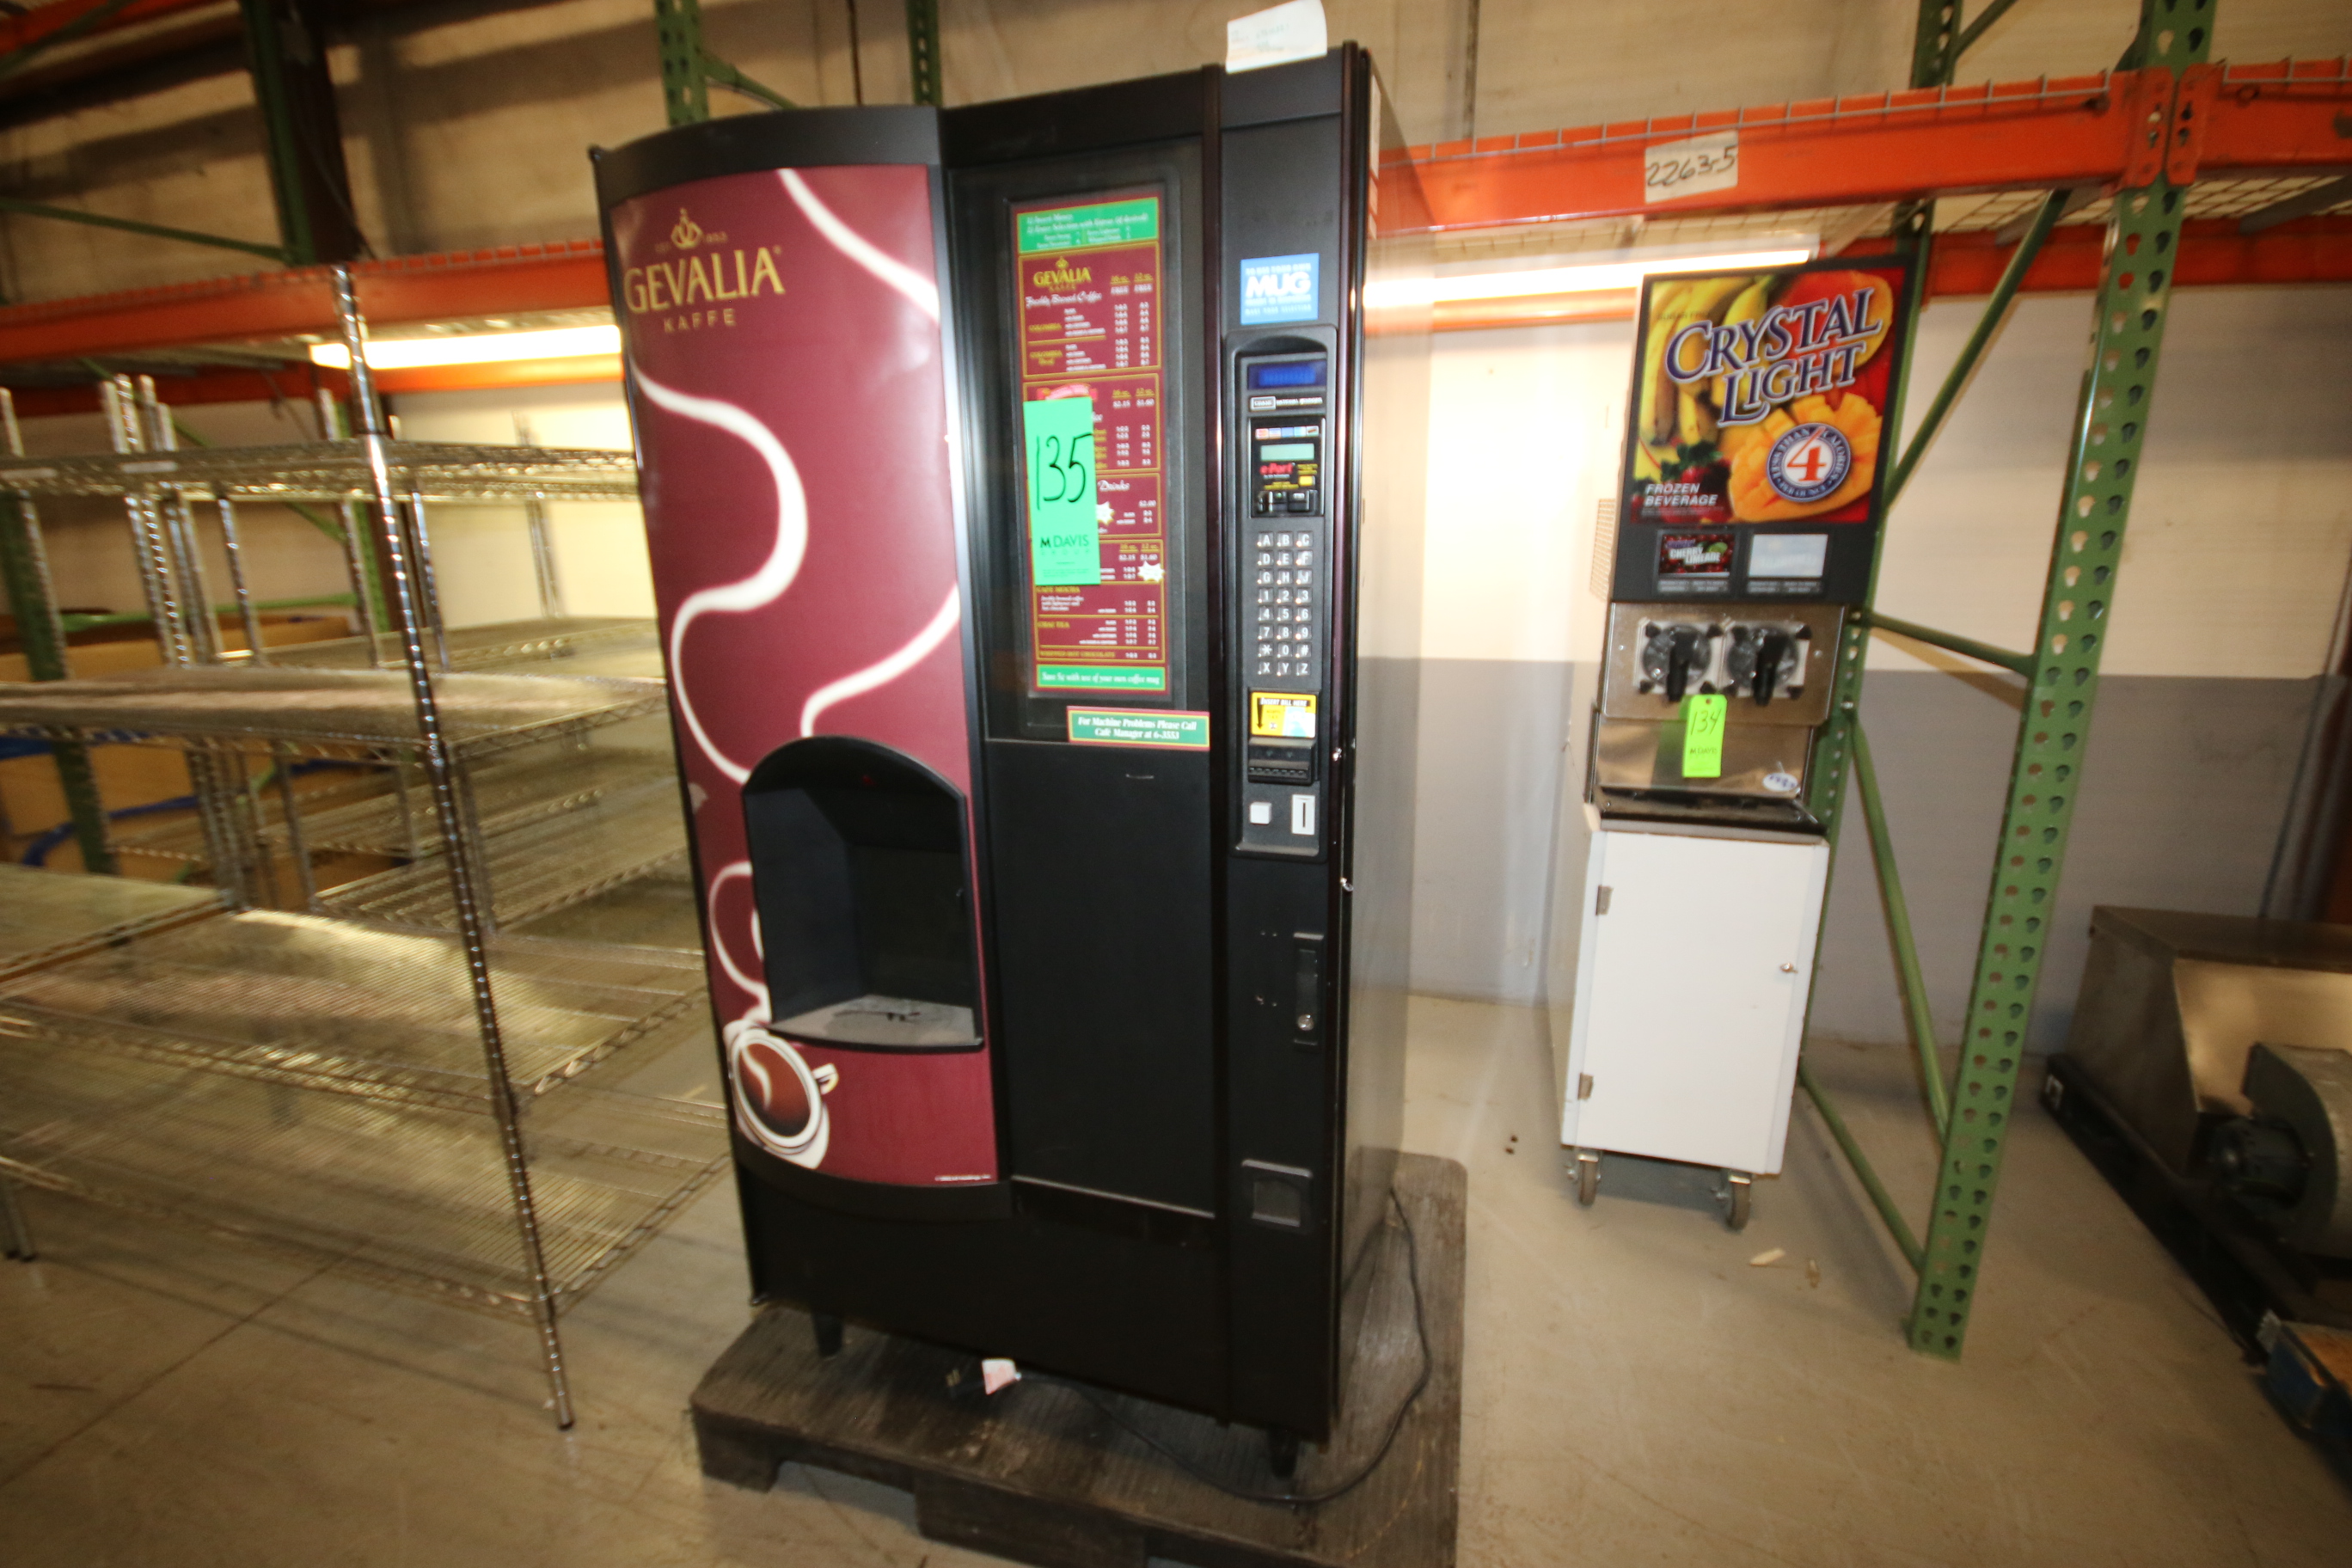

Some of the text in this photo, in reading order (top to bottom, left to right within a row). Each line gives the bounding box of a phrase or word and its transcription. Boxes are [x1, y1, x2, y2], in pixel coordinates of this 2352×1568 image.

[1645, 144, 1737, 187] 2263-5
[623, 247, 786, 314] GEVALIA
[1033, 267, 1092, 287] GEVALIA
[1246, 271, 1312, 298] MUG
[1076, 291, 1102, 303] Coffee
[663, 308, 737, 334] KAFFE
[1665, 287, 1882, 383] CRYSTAL
[1717, 341, 1866, 428] LIGHT
[1786, 426, 1826, 481] 4
[1037, 432, 1093, 511] 135
[1097, 480, 1130, 491] Drinks
[1645, 482, 1700, 494] FROZEN
[1644, 494, 1718, 506] BEVERAGE
[1263, 534, 1309, 544] A B C
[1263, 553, 1309, 563] D E F
[1669, 547, 1704, 560] CHERRY
[1683, 552, 1722, 565] LIMEADE
[1263, 572, 1271, 582] G
[1283, 572, 1289, 582] H
[1264, 590, 1309, 600] 1 2 3
[1263, 609, 1308, 619] 4 5 6
[1264, 627, 1308, 637] 7 8 9
[1283, 645, 1289, 654] 0
[1264, 663, 1308, 673] X Y Z
[1066, 672, 1081, 682] with
[1099, 675, 1113, 683] your
[1127, 674, 1146, 684] coffee
[1146, 676, 1160, 685] mug
[1077, 716, 1197, 731] For Machine Problems Please Call
[1691, 707, 1722, 735] 134
[1113, 728, 1144, 739] Manager

AIM OF THE TASK — Write the listing above out again exactly, but not the images it holds.

TASK RESPONSE —
Some of the text in this photo, in reading order (top to bottom, left to right within a row). Each line gives the bounding box of a phrase or word and its transcription. Boxes are [x1, y1, x2, y2], in pixel coordinates of this 2352×1568 image.

[1645, 144, 1737, 187] 2263-5
[623, 247, 786, 314] GEVALIA
[1033, 267, 1092, 287] GEVALIA
[1246, 271, 1312, 298] MUG
[1076, 291, 1102, 303] Coffee
[663, 308, 737, 334] KAFFE
[1665, 287, 1882, 383] CRYSTAL
[1717, 341, 1866, 428] LIGHT
[1786, 426, 1826, 481] 4
[1037, 432, 1093, 511] 135
[1097, 480, 1130, 491] Drinks
[1645, 482, 1700, 494] FROZEN
[1644, 494, 1718, 506] BEVERAGE
[1263, 534, 1309, 544] A B C
[1263, 553, 1309, 563] D E F
[1669, 547, 1704, 560] CHERRY
[1683, 552, 1722, 565] LIMEADE
[1263, 572, 1271, 582] G
[1283, 572, 1289, 582] H
[1264, 590, 1309, 600] 1 2 3
[1263, 609, 1308, 619] 4 5 6
[1264, 627, 1308, 637] 7 8 9
[1283, 645, 1289, 654] 0
[1264, 663, 1308, 673] X Y Z
[1066, 672, 1081, 682] with
[1099, 675, 1113, 683] your
[1127, 674, 1146, 684] coffee
[1146, 676, 1160, 685] mug
[1077, 716, 1197, 731] For Machine Problems Please Call
[1691, 707, 1722, 735] 134
[1113, 728, 1144, 739] Manager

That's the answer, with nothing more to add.